Dans une Italie au bord du gouffre, il sympathise avec Mussolini et adhère au fascisme par idéalisme.
Devenu un intellectuel officiel, il se révolte contre la corruption des élites fascistes, multiplie les provocations littéraires et finit par être condamné à 5 ans de déportation.
Pendant la guerre 39-45, correspondant de guerre de luxe sur le front russe, bravant la censure et la Gestapo, il devient après la chute de Mussolini officier de liaison avec l'armée américaine.

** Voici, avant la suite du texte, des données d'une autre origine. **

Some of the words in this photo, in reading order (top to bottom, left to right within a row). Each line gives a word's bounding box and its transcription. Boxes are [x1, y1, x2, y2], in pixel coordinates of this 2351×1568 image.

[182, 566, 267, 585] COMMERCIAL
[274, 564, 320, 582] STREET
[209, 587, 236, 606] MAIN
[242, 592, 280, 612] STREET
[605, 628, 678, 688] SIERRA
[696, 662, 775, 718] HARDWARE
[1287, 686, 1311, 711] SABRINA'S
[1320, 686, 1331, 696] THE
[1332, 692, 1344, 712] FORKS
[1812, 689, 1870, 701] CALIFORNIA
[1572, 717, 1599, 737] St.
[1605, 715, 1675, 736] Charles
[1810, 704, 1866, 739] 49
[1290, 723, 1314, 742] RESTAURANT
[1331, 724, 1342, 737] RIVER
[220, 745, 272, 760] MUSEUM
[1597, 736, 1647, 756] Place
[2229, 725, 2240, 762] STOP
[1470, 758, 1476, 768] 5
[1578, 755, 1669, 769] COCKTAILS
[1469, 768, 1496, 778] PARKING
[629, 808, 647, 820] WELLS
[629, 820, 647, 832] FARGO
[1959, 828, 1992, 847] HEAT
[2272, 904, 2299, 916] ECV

Malaparte est un mélange de Céline, de Malraux, de Tintin et de chroniqueur mondain, qui sait avec ironie et humour assembler l'incongru et l'inhumain.
« Kaputt », ce sont ses tribulations de 1941 à 1943 en Ukraine, en Pologne, en Finlande, en Allemagne et dans les Balkans.

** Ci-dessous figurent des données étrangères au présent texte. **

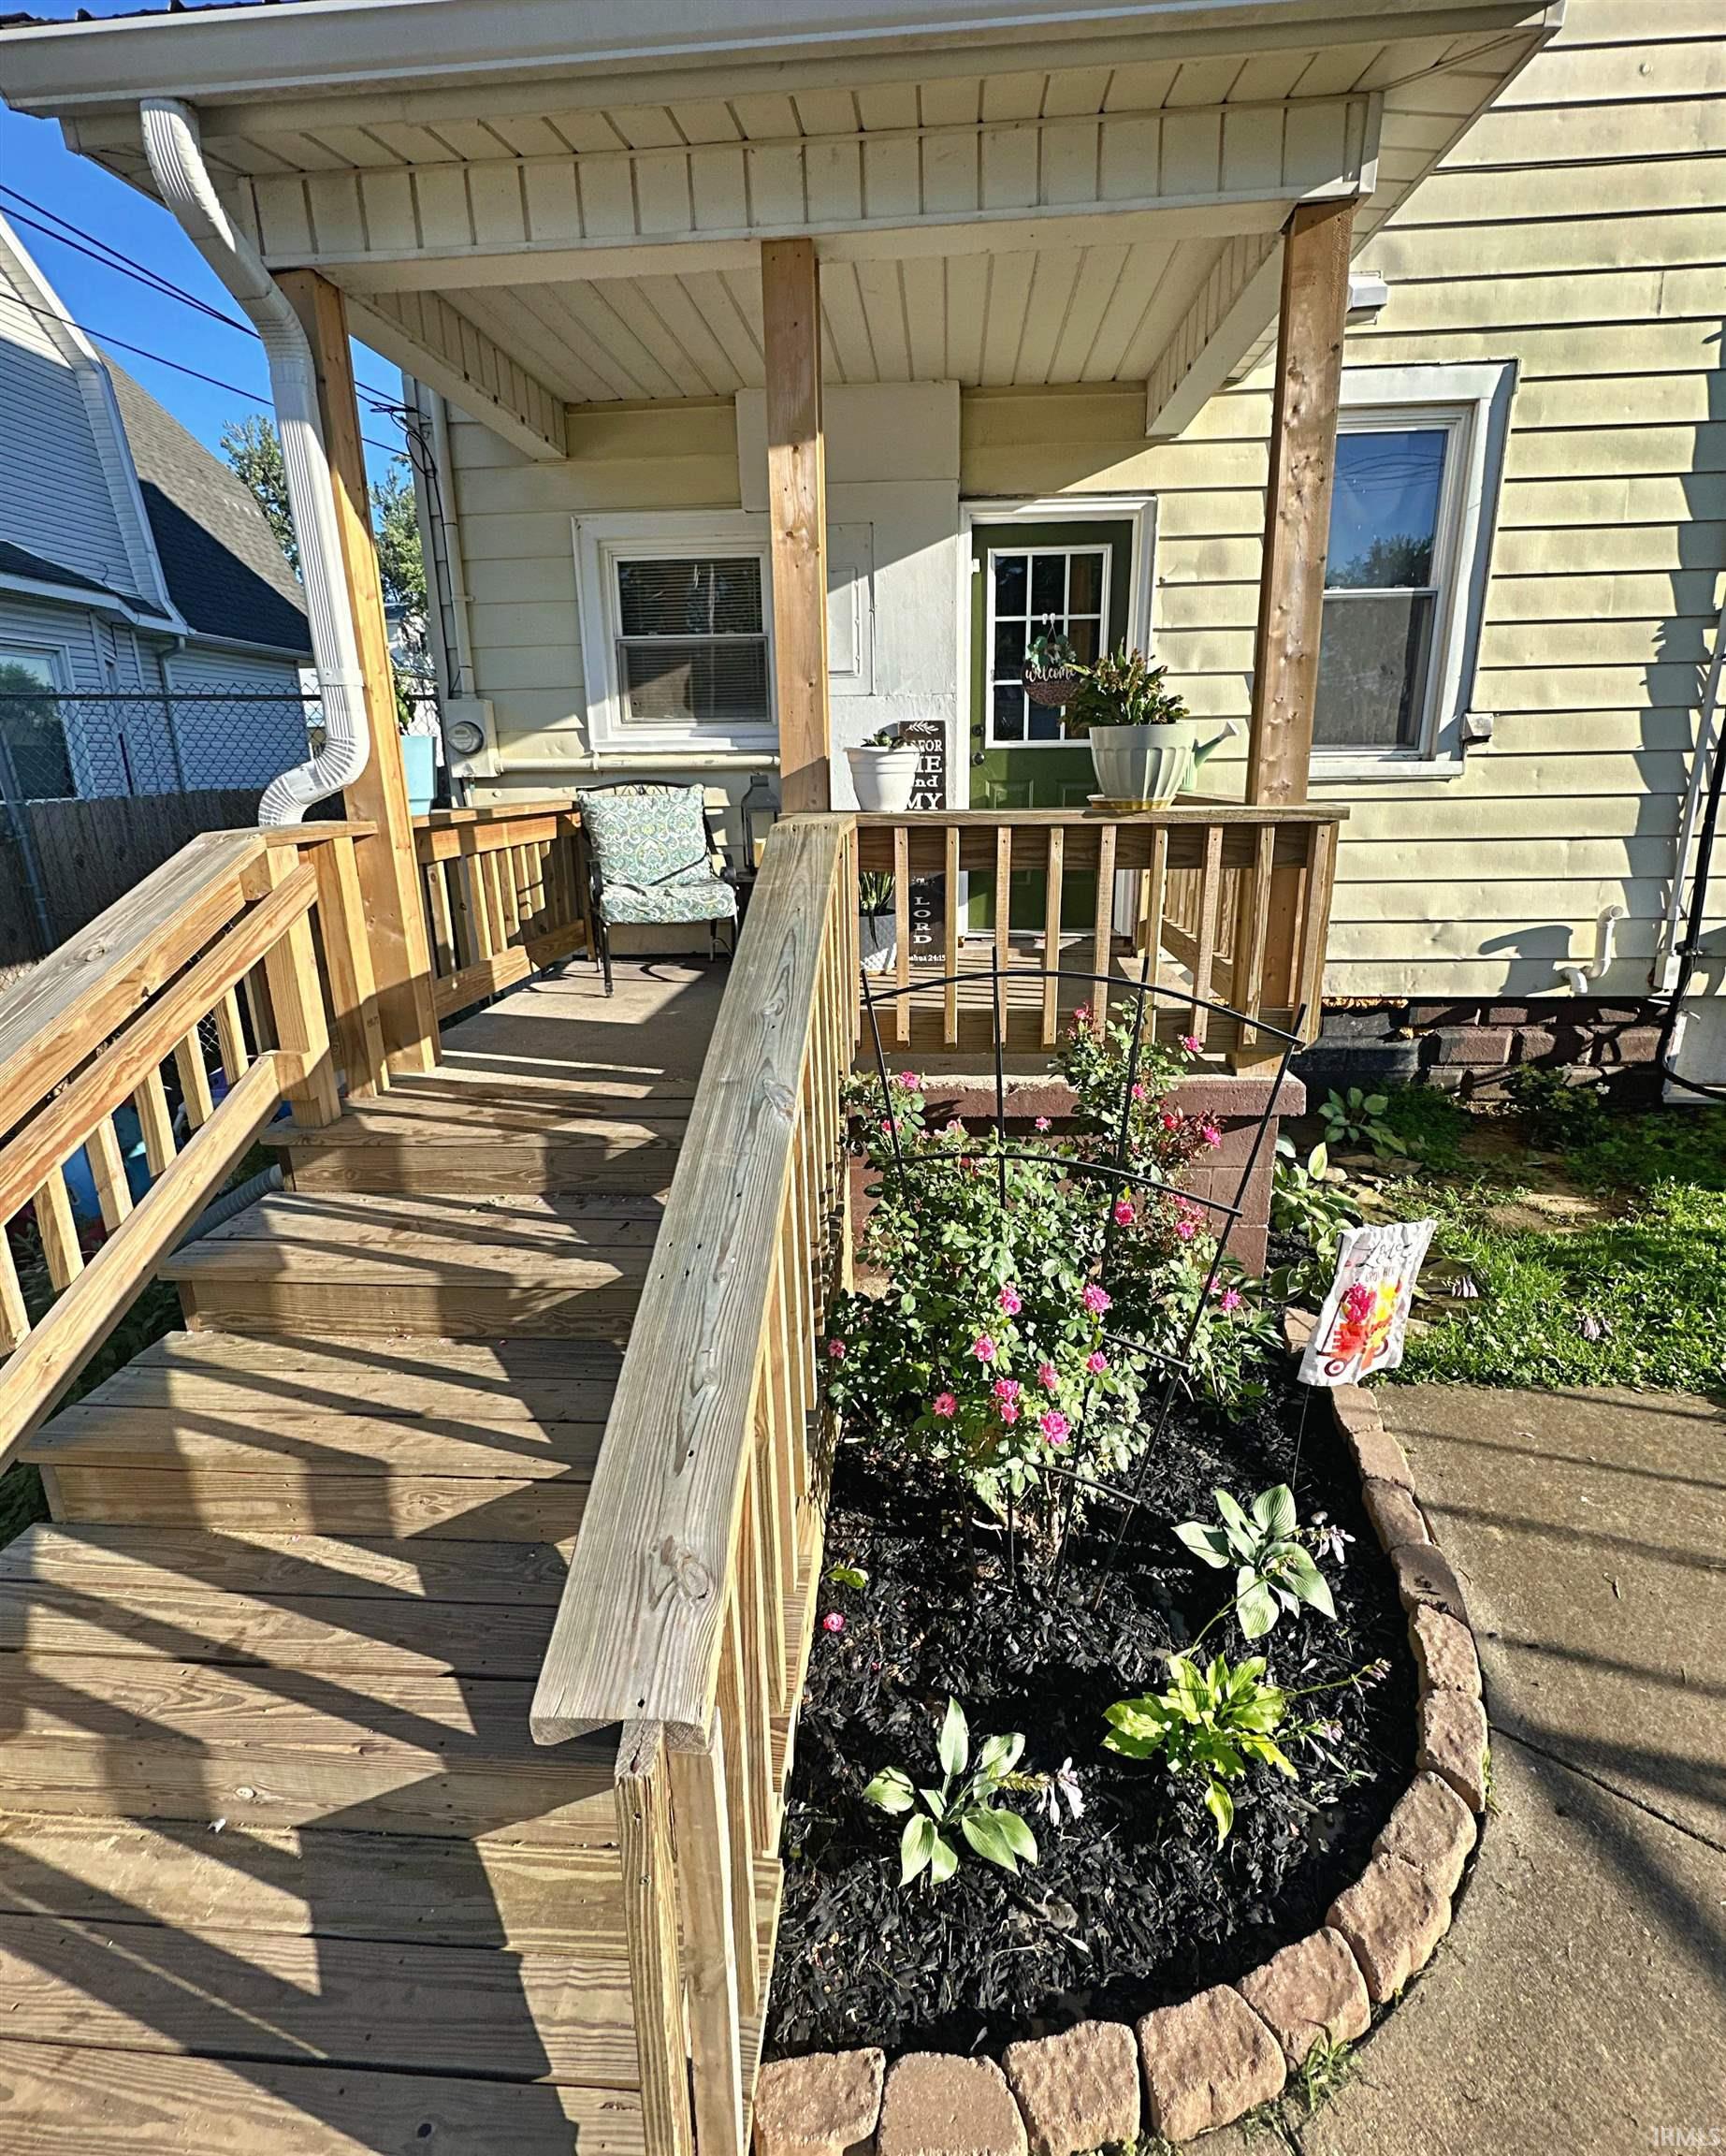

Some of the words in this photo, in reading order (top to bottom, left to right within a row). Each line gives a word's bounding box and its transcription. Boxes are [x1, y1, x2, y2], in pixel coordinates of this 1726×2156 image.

[919, 739, 943, 752] FOR
[914, 775, 938, 787] nd
[913, 896, 933, 944] LORD

Il y raconte les massacres de juifs et de prisonniers russes, les soirées mondaines entre diplomates, le ghetto de Varsovie, les fêtes des dignitaires nazis, ses manœuvres d'opposant, des histoires sur des animaux, sa lâcheté, des rencontres avec de hautes personnalités criminelles.

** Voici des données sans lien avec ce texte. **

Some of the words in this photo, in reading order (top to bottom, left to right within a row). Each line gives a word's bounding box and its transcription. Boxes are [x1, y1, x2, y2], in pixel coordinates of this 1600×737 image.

Ecrit sur le front, rapatrié dans l'Italie post fasciste par des diplomates Espagnols et Roumains, ce livre a été publié en 1944 dans Naples libérée.
C'est un des premiers témoignages historiques écrits de la Shoah et des crimes nazis en Russie. Mais tout n'est pas exact. Malaparte a trop d'imagination pour ne pas affabuler.
C'est en revanche une vraie œuvre littéraire, récit d'aventures à la structure complexe où le grotesque côtoie l'anecdote et le cauchemar. Le style est classique, avec un ton poétique, surréaliste et baroque exceptionnel.
Bref, ce livre est immense. A lire tout en sachant que vous allez l'adorer ou le détester.
Un témoignage étonnant
Critique de Kyp (, Inscrit le 4 septembre 2009, 31 ans) - 6 septembre 2009
Un chef d'oeuvre !
Critique de Dirlandaise (Québec, Inscrite le 28 août 2004, 69 ans) - 17 avril 2008
Mais l'écriture de Curzio Malaparte est d'une beauté telle qu'il est difficile d'y résister. Dès les premières pages, j'ai su que j'avais entre les mains un livre exceptionnel et je me suis tout simplement régalée de cette belle écriture raffinée et poétique. Les descriptions sont tout simplement sublimes. L'auteur dépeint les scènes en jouant avec les couleurs et les ombres, les sons, les odeurs, enfin tout ce que les sens peuvent percevoir et apprécier.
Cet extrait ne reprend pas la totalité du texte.